Exercise directions:
The entries below need to be written out exactly, with no pictures included.

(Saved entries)
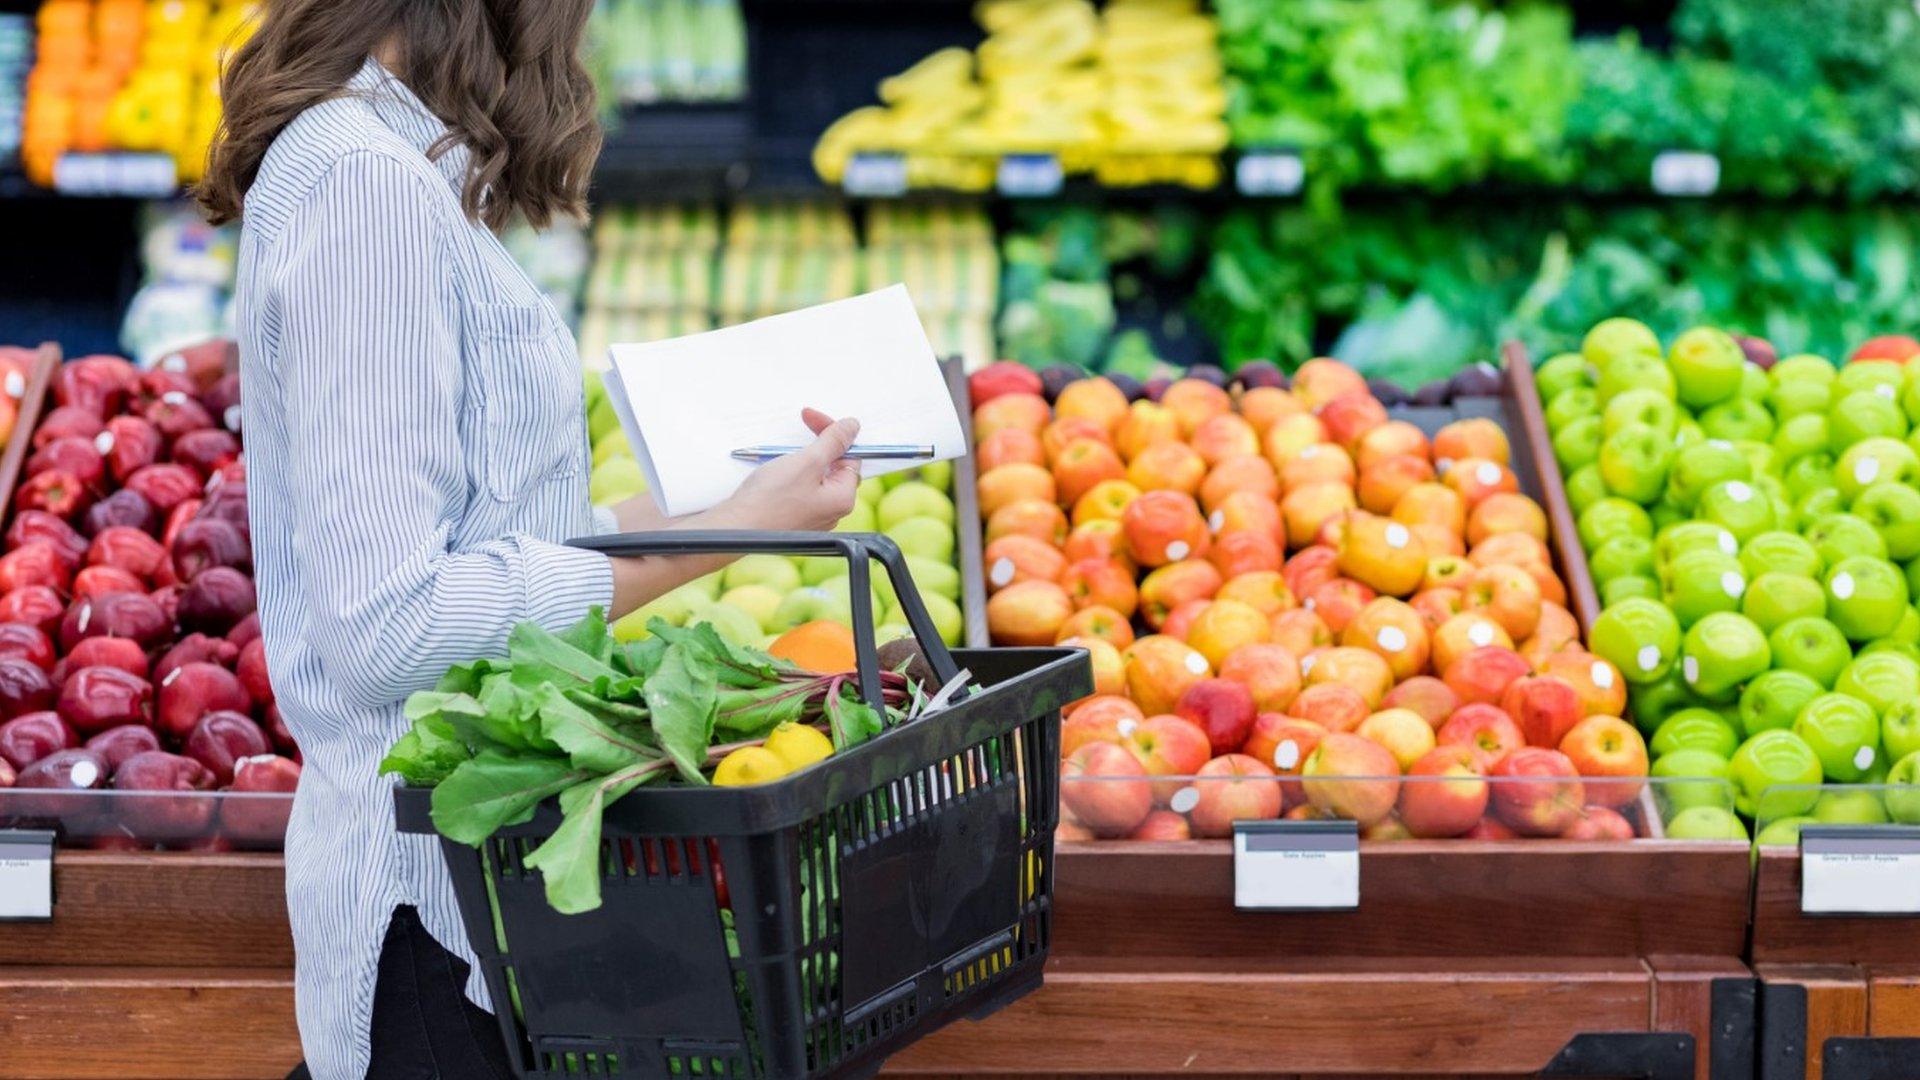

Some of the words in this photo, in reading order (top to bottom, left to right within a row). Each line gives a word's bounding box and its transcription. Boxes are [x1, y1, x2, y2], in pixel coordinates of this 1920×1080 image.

[1301, 849, 1326, 860] Apples
[1851, 852, 1871, 861] Smith
[1874, 852, 1898, 863] Apples
[5, 860, 29, 868] Apples
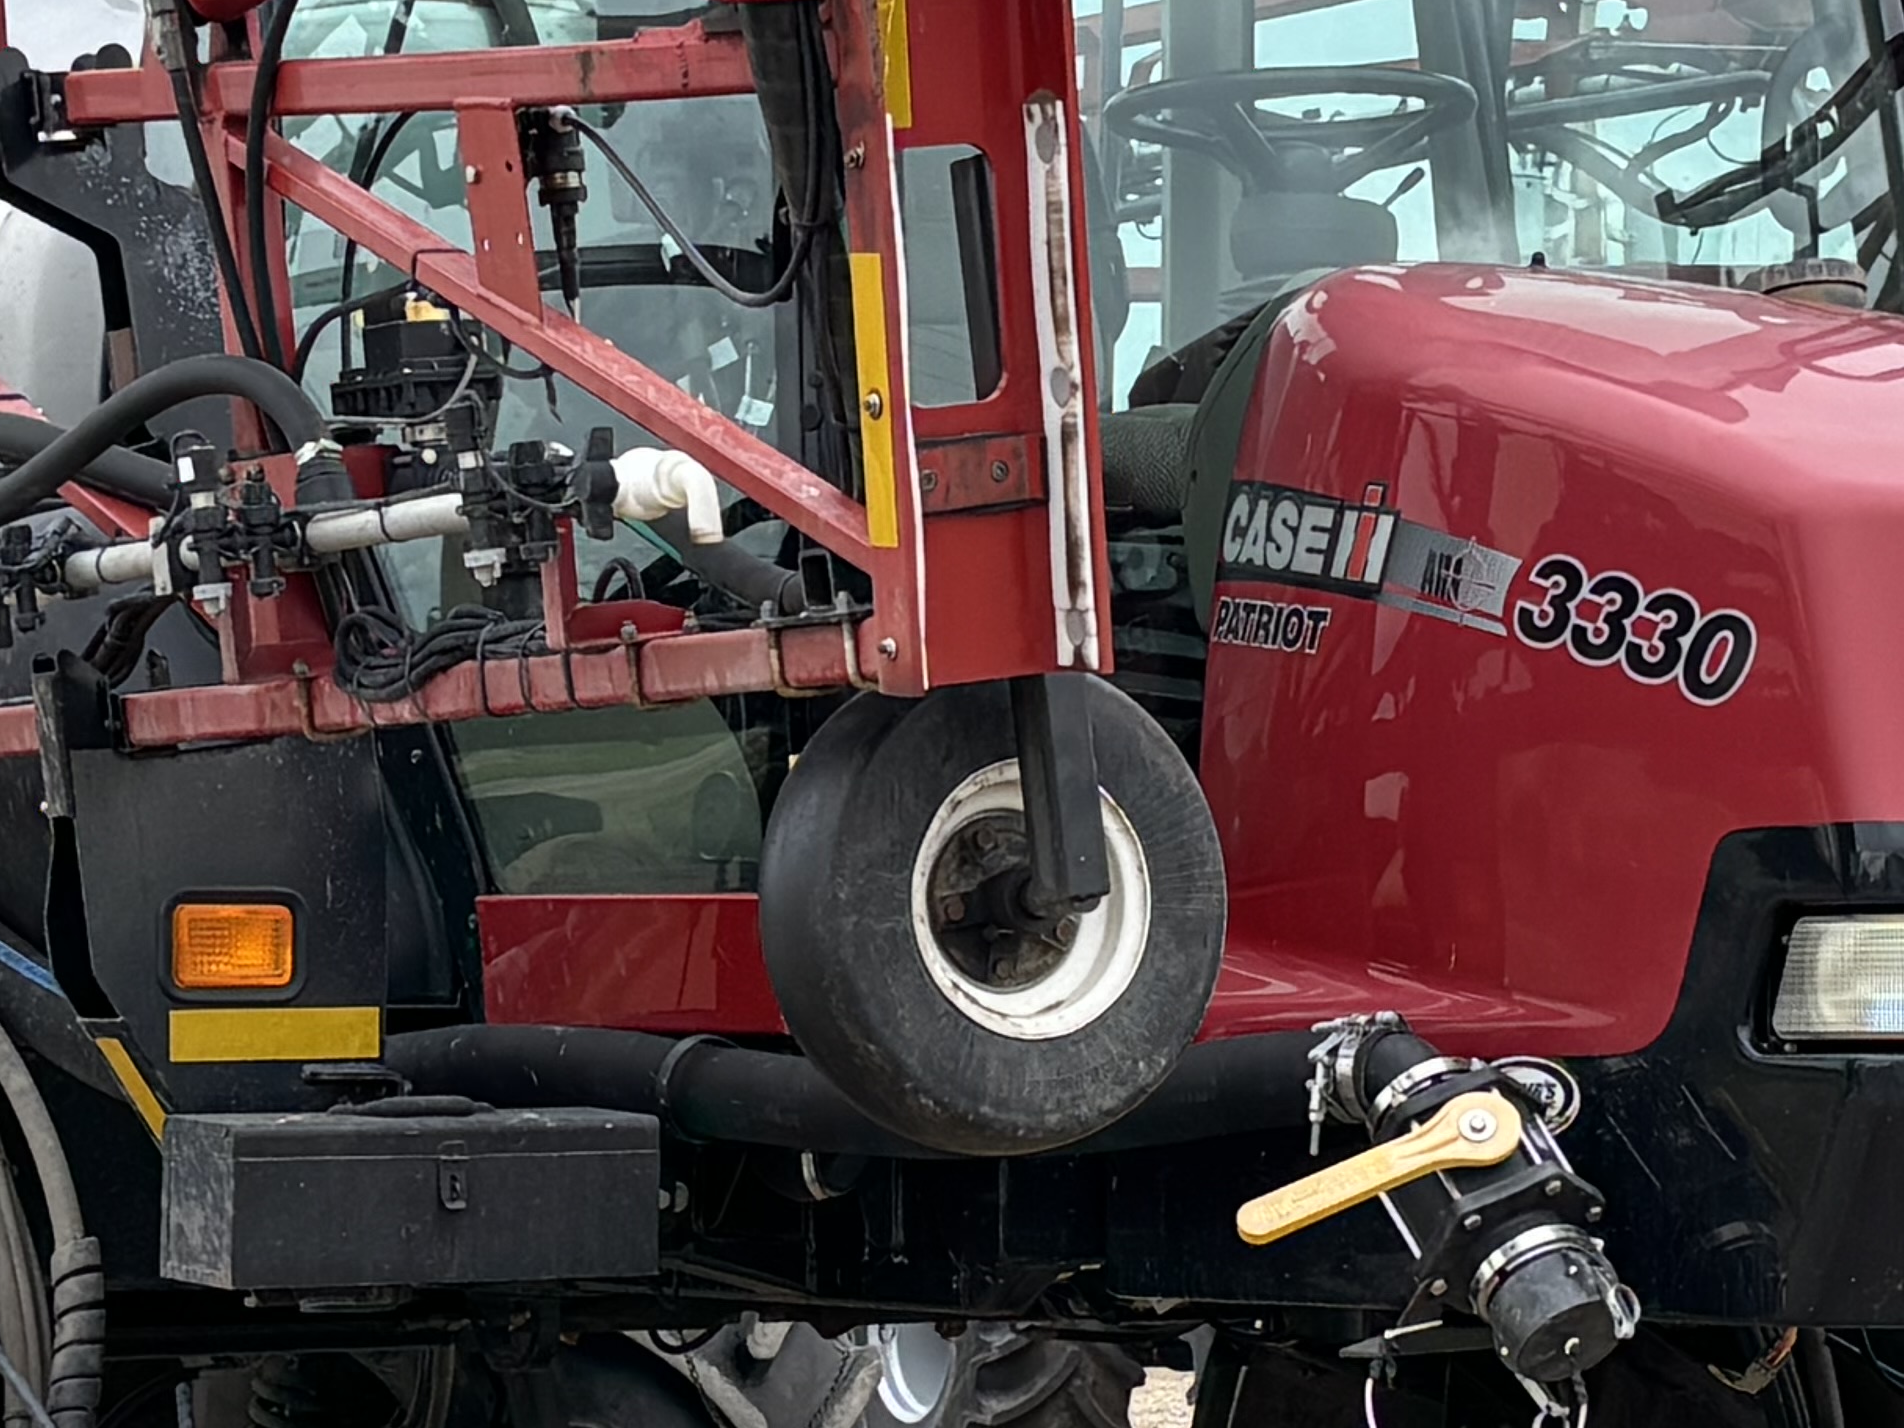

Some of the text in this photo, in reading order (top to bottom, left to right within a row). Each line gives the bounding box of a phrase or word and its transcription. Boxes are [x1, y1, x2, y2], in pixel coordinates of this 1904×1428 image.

[1223, 493, 1335, 575] CASE
[1210, 596, 1332, 655] PATRIOT
[1514, 554, 1757, 707] 3330

Answer to the exercise:
Some of the words in this photo, in reading order (top to bottom, left to right within a row). Each line gives a word's bounding box and its transcription. Boxes are [x1, y1, x2, y2], in pixel coordinates of this 1920×1080 image.

[1301, 849, 1326, 860] Apples
[1851, 852, 1871, 861] Smith
[1874, 852, 1898, 863] Apples
[5, 860, 29, 868] Apples

Some of the text in this photo, in reading order (top to bottom, left to right within a row). Each line gives the bounding box of a phrase or word and its transcription. Boxes are [x1, y1, x2, y2], in pixel coordinates of this 1904×1428 image.

[1223, 493, 1335, 575] CASE
[1210, 596, 1332, 655] PATRIOT
[1514, 554, 1757, 707] 3330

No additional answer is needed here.